Learning Tools and Strategies:
- Firstly, we can learn Additive Learning.
- Secondly, we need to understand game theory.
- Thirdly and most importantly, game theory helps to understand Shapley Additive explanations (SHAP).
- Moreover, we use DALEX to have better plots and its documentation is also very detailed.
- The SHAP library version has some issues. In other words, we can use the SHAP package as well.
In particular, the order mentioned above is more helpful to understand this concept easily. Further, you can find the references in the Citations section below.
Reflective Analysis:
Blackbox AI model is a big challenge. Moreover, we want reliable AI in medical diagnosis. Therefore, We need to explain models using XAI.
To sum up, without XAI, it is difficult to accept disease diagnosis. Thus, XAI is an imminent need in AI diagnosis.
Financial transactions are critical in nature. For instance, the decision to approve a loan is a critical AI use case. Especially, if we can not explain the loan rejection, customers become unhappy.
In short, We can use XAI as per need.
Conclusions and Future Directions for AI in medical diagnosis using XAI:
In conclusion, we have explained the importance of XAI in AI diagnosis. Further, XAI can explain neural networks. Therefore, it can explain nonlinear relationships.

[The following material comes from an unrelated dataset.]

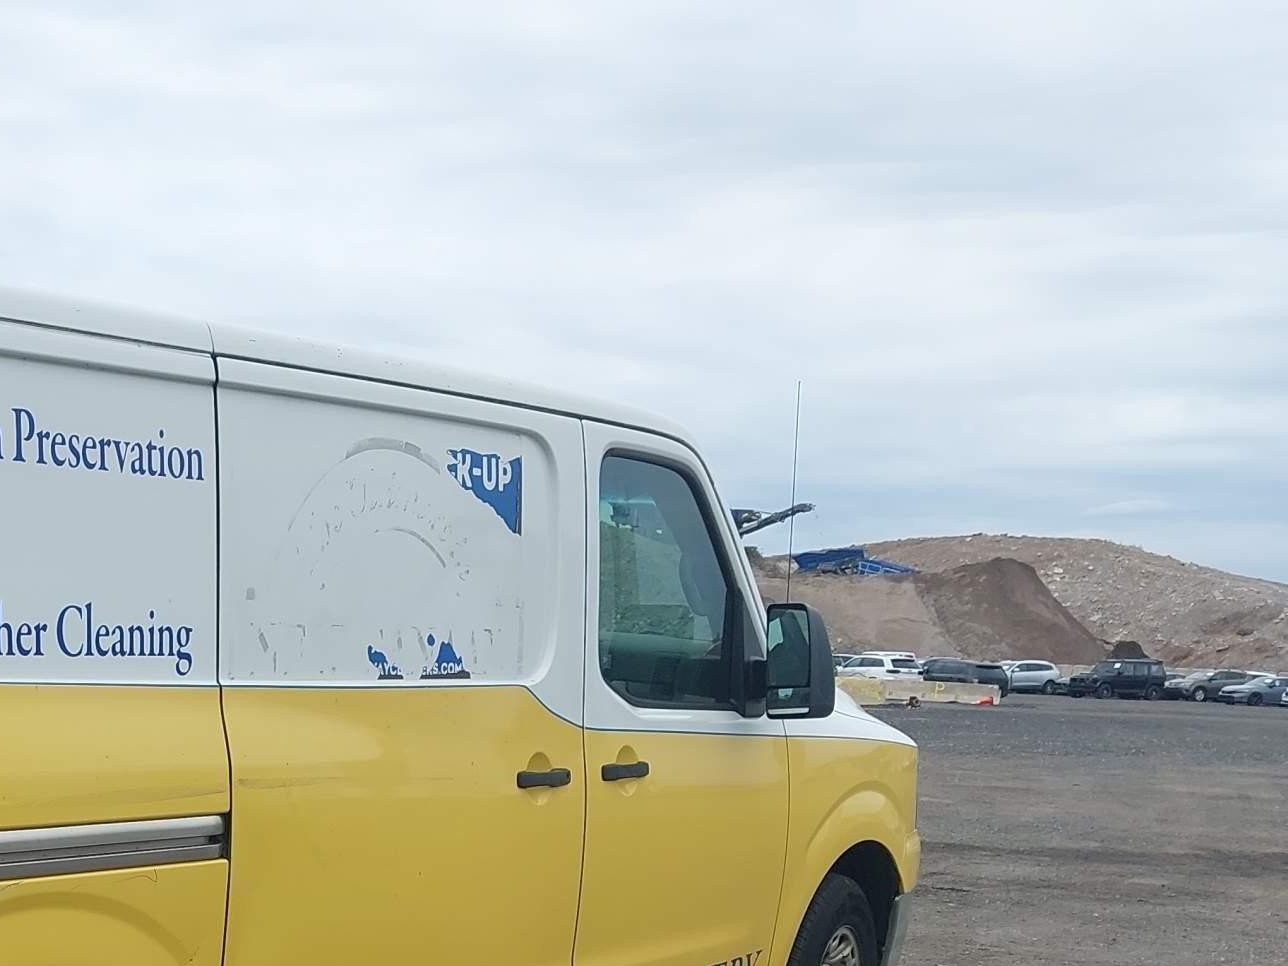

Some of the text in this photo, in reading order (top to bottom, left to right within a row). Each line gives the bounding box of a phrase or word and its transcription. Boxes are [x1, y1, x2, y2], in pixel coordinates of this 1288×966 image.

[11, 408, 205, 481] Preservation
[447, 450, 512, 492] K-UP
[56, 602, 194, 677] Cleaning

Moreover, we use AI in financial decision making. For example, loan approvals, credit ranking, price prediction etc. So, we can use XAI for them as well.
In other words, we can use XAI everywhere. To sum up, XAI can help understand difficult diagnoses of Hypothyroid. In addition, It also helps us understand financial transactions.
Lastly, we discussed a few of the methods in this project. Similarly, we can learn other methods to use XAI.
Moreover, there are different tools. For instance, facets, What-if Tool and so on.
Citations:
- The dataset to perform AI in medical diagnosis is here.
- The model training and feature engineering details are here.
- DALEX library documentation is available here.
- SHAPLEY VALUE :- https://en.wikipedia.org/wiki/Shapley_value.
- Image Source: https://images.pexels.com/photos/5649885/pexels-photo-5649885.jpeg?cs=srgb&dl=pexels-thirdman-5649885.jpg&fm=jpg
I learned a little about XAI that was a concept that I didn’t know much. This article helped me to understand the objective of XAI: explain why an IA have an specific behavior to an expert person. This is useful for check some expert’s hypothesis (In more complex cases of research), and other uses of this is to explain in a confference how an specific AI model works. Greetings.
Nice to know that it helped you learn something.Yes, it can explain any model and expert hypothesis.